Different paper but yeah it's basically the same thing.

That’s what I thought-sounds much like the great stuff coming out of Chris Buckley‘s group.

The authors even refer to that work in the abstract. The “breakthrough“ seems to consist of showing that the method produces the same results as vanilla backprop.

I'm not sure this is that important for understanding biological neural systems. But it might enable mass parallelism!

Is it cool to call your own work a "breakthrough", or does that just engender skepticism?

Unfortunately that is what is often recommended to win grants and get considered for the best journals. But yes, it should draw scepticism. But then again, scepticism is anyway part of the game in science, always.
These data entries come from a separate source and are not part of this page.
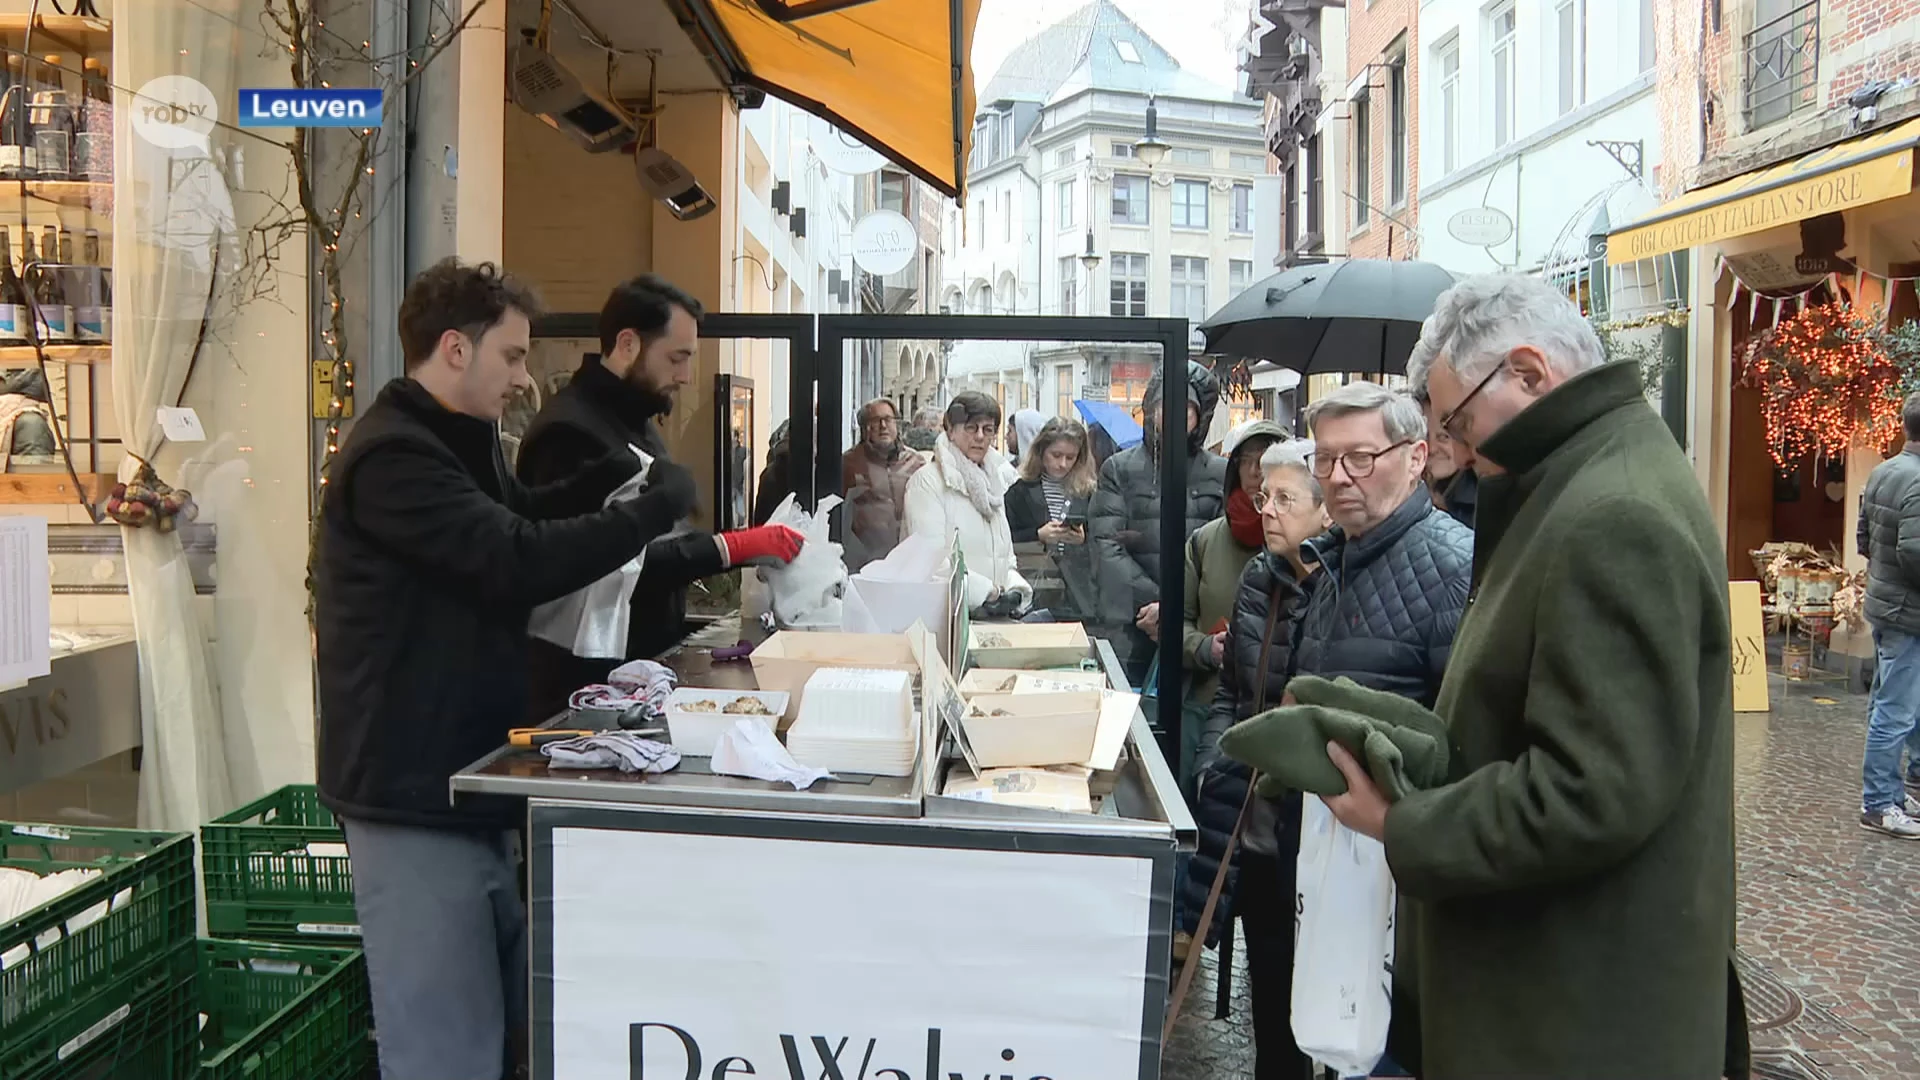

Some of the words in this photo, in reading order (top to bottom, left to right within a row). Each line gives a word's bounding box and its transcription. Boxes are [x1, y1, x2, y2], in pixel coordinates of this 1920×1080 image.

[1631, 230, 1656, 256] GIGI
[1660, 212, 1720, 249] CATCHY
[1723, 191, 1791, 233] ITALIAN
[1795, 171, 1862, 215] STORE
[629, 1022, 756, 1080] De
[779, 1027, 1056, 1080] Wli
What does this suggest about biological neural systems?

Predictive coding is based on a theory for brain operation that grounds in the ubiquity of recurrent connection between functional brain regions, where the forward pass transmits the prediction, and the backward pass transmits the error. Unlike backprop, this theory uses only local information, and is therefore somewhat more compatible with how the brain works.

There is a huge body of work about this. The current paper seems to show that the result of predictive coding is equivalent to the result one gets with backprop.

I think it says more about predictive coding as a way to train neural networks rather than biological systems.

There's been an argument that schemes relying on backpropagation can't provide insight into biological neural systems, but this argument is weakened by the existence of predictive coding equivalents.